Shortly after the trial for Jeffrey Washington (no relation) and Myron Jackson, Washington shrugged and dismissed the jurors who didn’t vote to convict them as lacking good sense. Their refusal to pronounce the defendants guilty hadn’t mattered in a state where 10-2 verdicts were valid, and the mother could finally do something other than worry about her princess’s murder going unpunished.
But things have changed. An attorney for a Baton Rouge man serving life for aggravated rape, two counts of aggravated kidnapping and five counts of aggravated robbery asked the U.S. Supreme Court Wednesday to make retroactive its April opinion declaring split-jury verdicts unconstitutional.
The Supreme Court issued its opinion in Ramos v. Louisiana almost 18 months after Louisianians overwhelmingly supported an amendment requiring unanimous verdicts in jury trials. That ruling put an end to split verdicts in Oregon and Puerto Rico, but does it mean anything to Louisiana?
Not if people convicted by split juries don’t get new trials. If the Supreme Court outlawed something Louisiana had already stopped doing and decides it only applies to cases going forward, then, for Louisiana at least, the ruling banning split-jury verdicts is empty and symbolic.
During Wednesday’s oral arguments, Supreme Court Justice Elana Kagan said she understands the Ramos decision to mean a unanimous verdict is “basic in the same way that a beyond-a-reasonable-doubt standard is basic” and that it says “if you haven’t been convicted by a unanimous jury, you really haven’t been convicted at all. And so how could it be that a rule like that does not have retroactive effect?”

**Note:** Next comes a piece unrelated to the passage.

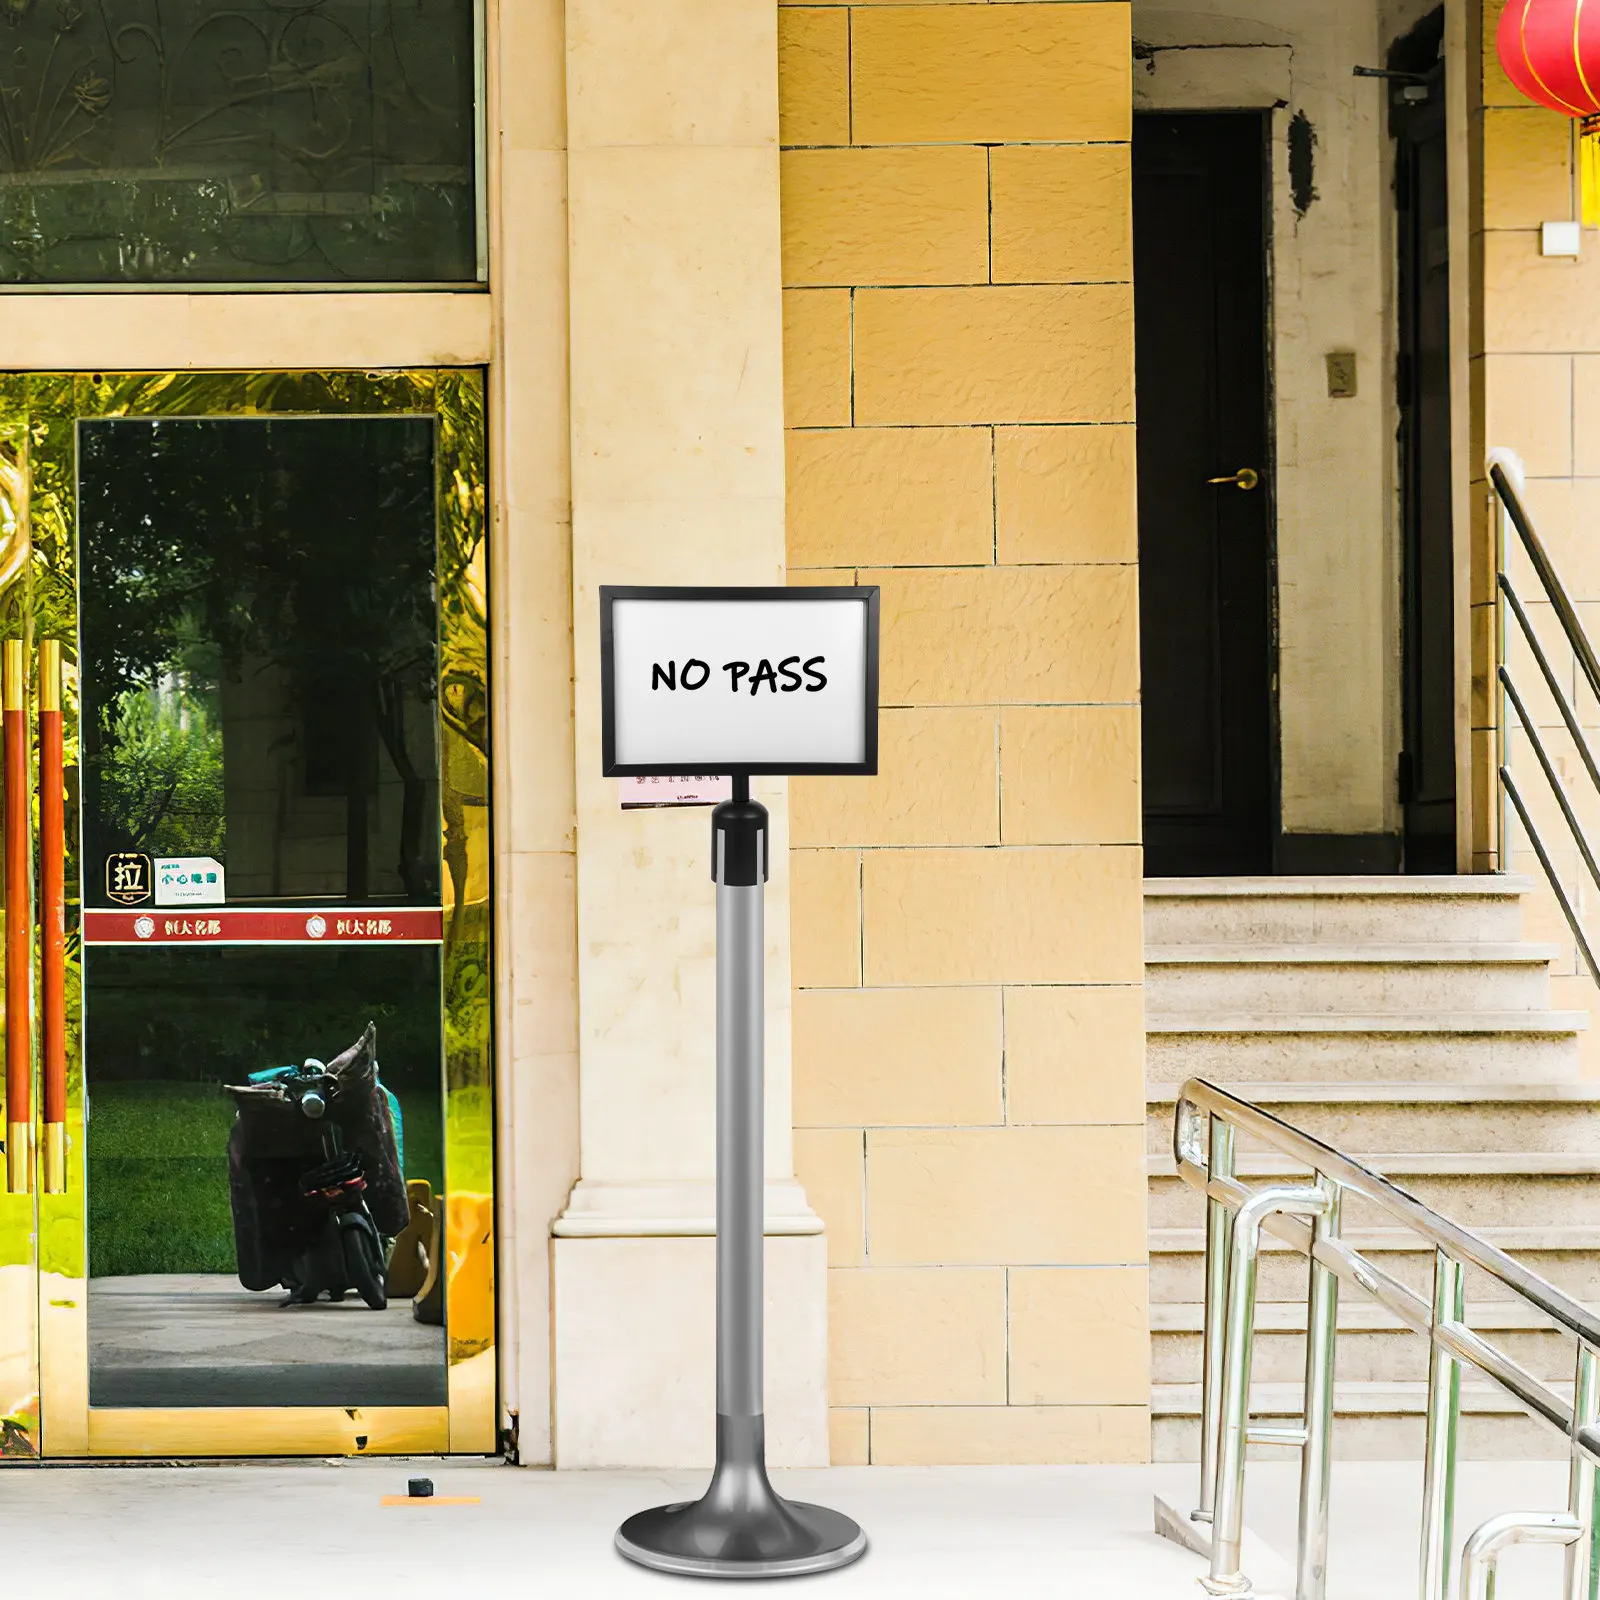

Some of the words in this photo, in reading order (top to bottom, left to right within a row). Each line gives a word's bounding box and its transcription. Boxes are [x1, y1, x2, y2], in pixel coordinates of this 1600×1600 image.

[651, 658, 711, 691] NO
[722, 655, 828, 697] PASS
[114, 862, 144, 891] 拉

“Will I have to get up there again?” Washington asked, referring to her time in the witness box. “I have been working toward resolution and dealing with the loss of my child. Do I have to open up that bag of worms again, to relive this and deal with my emotions?”

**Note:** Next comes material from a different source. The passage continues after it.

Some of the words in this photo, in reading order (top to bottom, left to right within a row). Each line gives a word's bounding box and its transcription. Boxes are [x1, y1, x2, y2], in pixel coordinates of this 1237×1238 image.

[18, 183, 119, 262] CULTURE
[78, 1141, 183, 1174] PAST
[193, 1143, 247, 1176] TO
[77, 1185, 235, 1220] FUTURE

Elizabeth Murrill, Louisiana’s solicitor general, told the justices that “declaring the Ramos rule retroactive unsettles thousands of cases that involve terrible crimes.” She said it would be ”particularly unfair to the victims of these crimes.”
Murrill spoke with more certainty than Washington did. She wants the men convicted in her daughter’s death to stay convicted, but “at the same time, I feel bad for those persons who may not have been guilty of what they have been accused of, and yet they still have to serve time because of that split (verdict).
“And then the other side is: How many of those juries were made up of persons that were like the defendant? You know, it sometimes it boils down to race and people (saying) ‘Well, yeah, just send them all up the river.’”
The Promise of Justice Institute, one of the organizations pushing for new trials for those convicted by split juries, uses the phrase “Jim Crow juries” to describe Louisiana’s old jury law. It was an idea hatched by the White supremacists who violently reclaimed power after Reconstruction’s brief period of integrated government.
Murrill argued that what racist lawmakers did during the Jim Crow era is irrelevant because Louisiana allowed split-jury verdicts in the constitution it created in 1974 and relied on U.S. Supreme Court rulings when it did. But André Bélanger, arguing for Thedrick Edwards, said there’s no getting around “the expressly racist origin of non-unanimous juries.” He added: “Since Ramos, members of this court have recognized that the original motivation for the laws mattered, notwithstanding any subsequent re-ratification.”
Bélanger said the number of cases that would be resurrected “is probably closer to a thousand,” not the thousands Murrill claimed, an amount he said that wouldn’t overwhelm the courts.
“In the end,” Bélanger said, “the state has no legitimate interest in avoiding retroactivity, but for its desire to let Mr. Edwards languish in Angola for the rest of his life.”
Washington has never wanted the men accused of murdering her daughter to die at Angola — or even to spend most of their lives there. She asked prosecutors to offer a plea deal to the defendants, but they rolled the dice with the jury.
“If they pleaded guilty, and the sentence was reduced? I would have no problem with that,” she said Wednesday. “Give me 20 years, and then go on your way.”
It didn’t occur to me until after we’d hung up that the reduced sentences Washington says she’d prefer aren’t possible unless the men get new trials. Of course, they could again refuse to plead guilty and go to trial, and what if a second jury splits under these new rules? “I worry about that,” she said.